Bandung, benuapostnusantara.com | Dalam dua pekan terakhir, isu pungutan royalti musik oleh Lembaga Manajemen Kolektif Nasional (LMKN) ramai diperbincangkan di ruang publik. Sejumlah kasus penagihan menimbulkan kontroversi, bahkan dianggap berlebihan oleh sebagian pihak.
Salah satu contoh yang menjadi sorotan adalah penagihan terhadap sebuah hotel di Bandung. Hotel tersebut dikabarkan menerima tagihan royalti lantaran diduga memutar musik di area publik. Namun pihak hotel membantah, dengan menegaskan bahwa mereka tidak pernah memutar musik rekaman, melainkan hanya menggunakan suara kicauan burung peliharaan sebagai penambah suasana.
Di sisi lain, LMKN menyatakan bahwa penarikan royalti bukan sekadar formalitas, melainkan bentuk perlindungan terhadap hak cipta para musisi. Menurut regulasi, setiap pihak yang memanfaatkan karya musik secara komersial di ruang publik memiliki kewajiban membayar royalti.
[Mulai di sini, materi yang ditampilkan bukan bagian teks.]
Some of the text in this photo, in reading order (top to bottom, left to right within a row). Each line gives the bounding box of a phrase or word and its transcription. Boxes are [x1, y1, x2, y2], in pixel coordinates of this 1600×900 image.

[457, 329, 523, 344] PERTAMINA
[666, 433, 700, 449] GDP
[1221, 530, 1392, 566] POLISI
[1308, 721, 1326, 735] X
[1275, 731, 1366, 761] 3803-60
Hal ini sejalan dengan Undang-Undang Nomor 28 Tahun 2014 tentang Hak Cipta, yang menegaskan pentingnya penghargaan terhadap karya seni dan hak ekonomi pencipta.
Namun, dalam praktiknya, sebagian pelaku usaha menilai mekanisme penagihan masih perlu dievaluasi. "Kami tidak keberatan membayar royalti jika memang memutar musik berhak cipta. Tapi jangan sampai terjadi salah kaprah yang menimbulkan kerugian bagi pelaku usaha," ujar seorang pengusaha perhotelan di Bandung.
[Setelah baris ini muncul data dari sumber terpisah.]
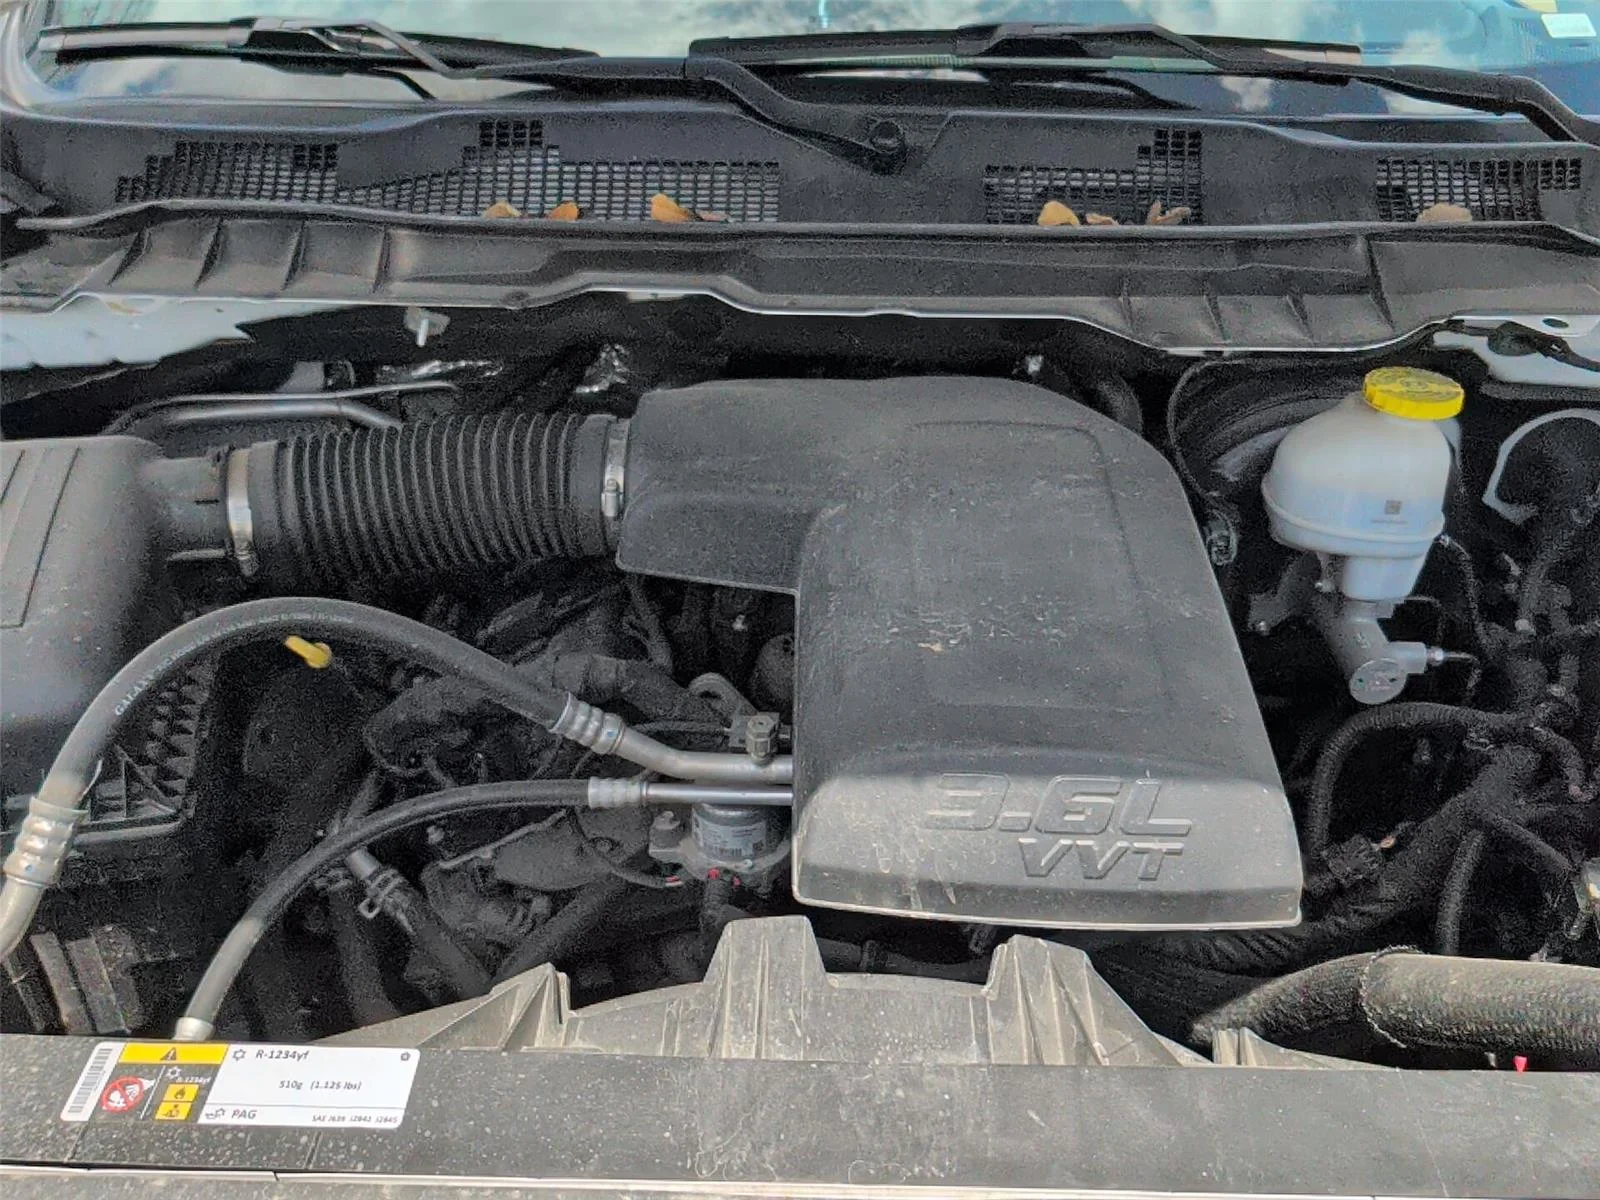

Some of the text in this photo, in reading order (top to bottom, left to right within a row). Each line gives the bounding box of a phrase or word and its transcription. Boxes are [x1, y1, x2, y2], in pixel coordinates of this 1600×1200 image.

Pakar hukum hak cipta juga menilai bahwa kejelasan aturan teknis dan transparansi sangat diperlukan agar tidak menimbulkan salah paham. "Royalti itu sah secara hukum, tetapi tata kelola dan pendekatannya harus tepat, sehingga tidak menimbulkan resistensi," kata salah satu akademisi hukum di Jakarta.
Polemik ini menunjukkan perlunya dialog antara LMKN, musisi, dan pelaku usaha, agar penerapan sistem royalti berjalan lebih adil, transparan, dan tidak menimbulkan gejolak di masyarakat.